▸ **INSTRUCTIONS FOR THE TASK**
The entire listing that follows must be repeated exactly, pictures excluded.
#####
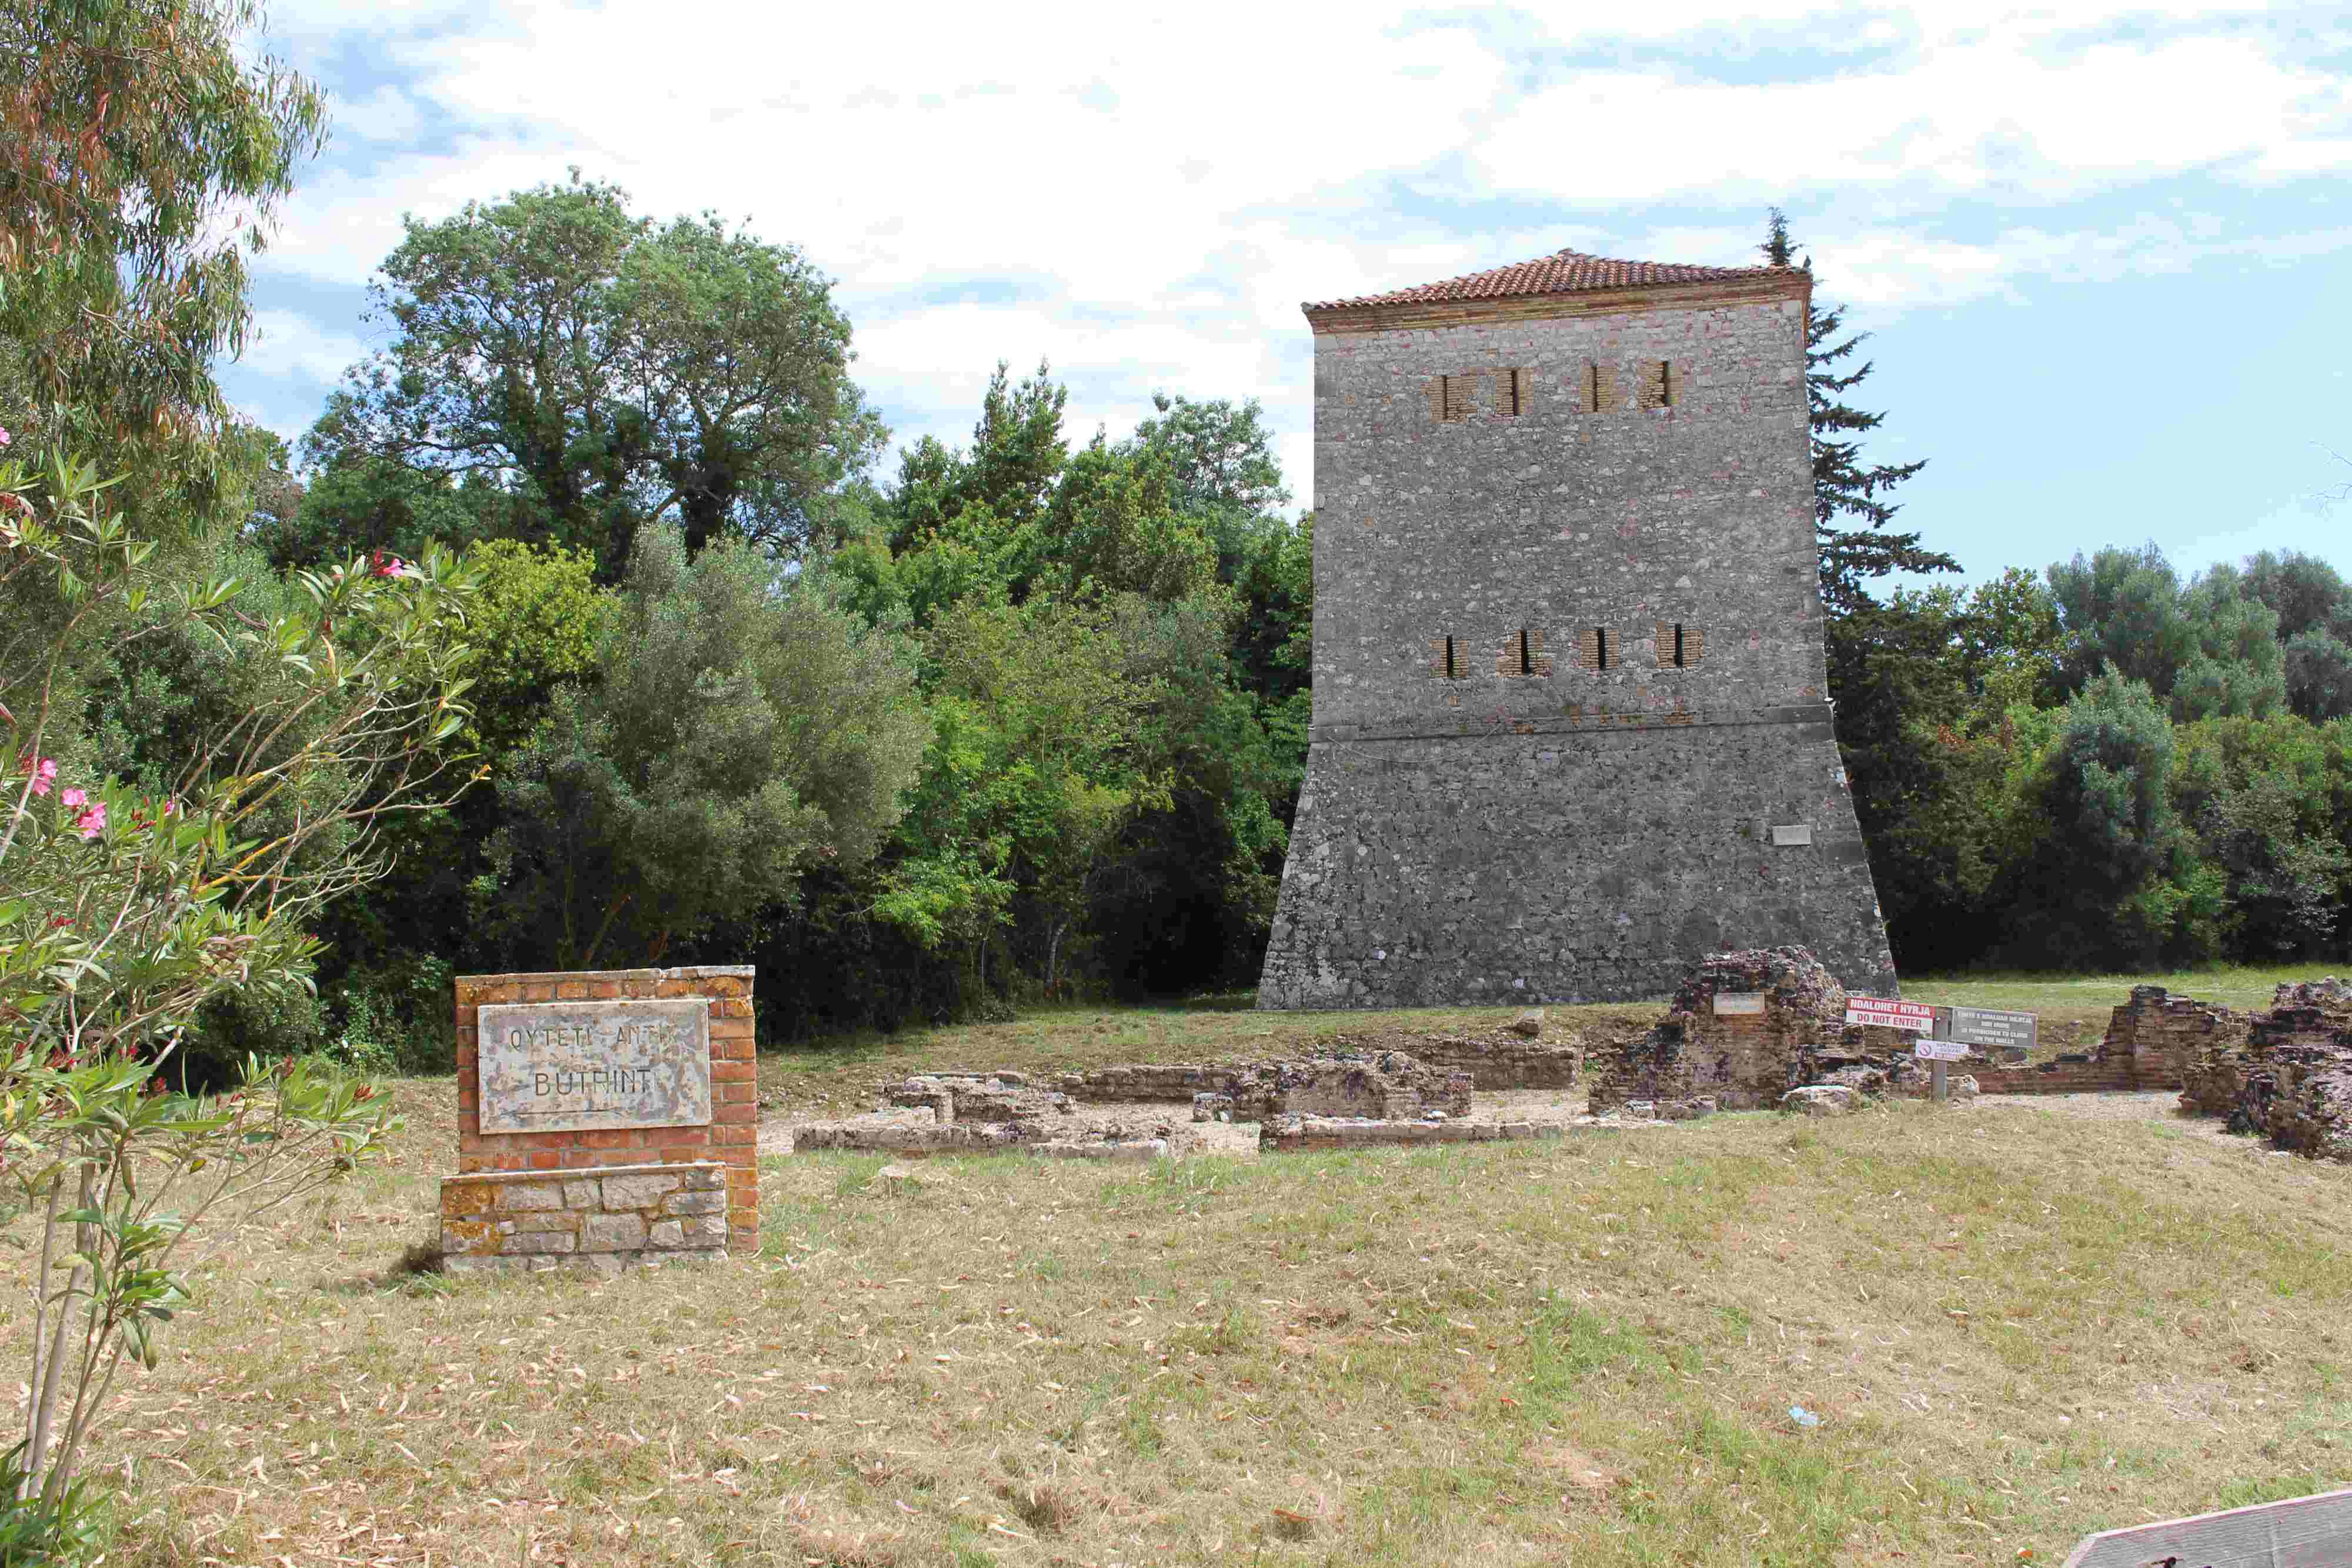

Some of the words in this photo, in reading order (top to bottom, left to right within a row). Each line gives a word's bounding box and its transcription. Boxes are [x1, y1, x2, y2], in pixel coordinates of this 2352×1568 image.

[1850, 999, 1898, 1013] NDALOHET
[1899, 1004, 1930, 1015] HYRJA
[1857, 1013, 1869, 1022] DO
[1872, 1015, 1890, 1025] NOT
[1893, 1017, 1922, 1027] ENTER
[510, 1027, 593, 1049] QYTETI
[534, 1069, 651, 1096] BUTRINT
#####
▸ **ANSWER SECTION**
Some of the words in this photo, in reading order (top to bottom, left to right within a row). Each line gives a word's bounding box and its transcription. Boxes are [x1, y1, x2, y2], in pixel coordinates of this 2352×1568 image.

[1850, 999, 1898, 1013] NDALOHET
[1899, 1004, 1930, 1015] HYRJA
[1857, 1013, 1869, 1022] DO
[1872, 1015, 1890, 1025] NOT
[1893, 1017, 1922, 1027] ENTER
[510, 1027, 593, 1049] QYTETI
[534, 1069, 651, 1096] BUTRINT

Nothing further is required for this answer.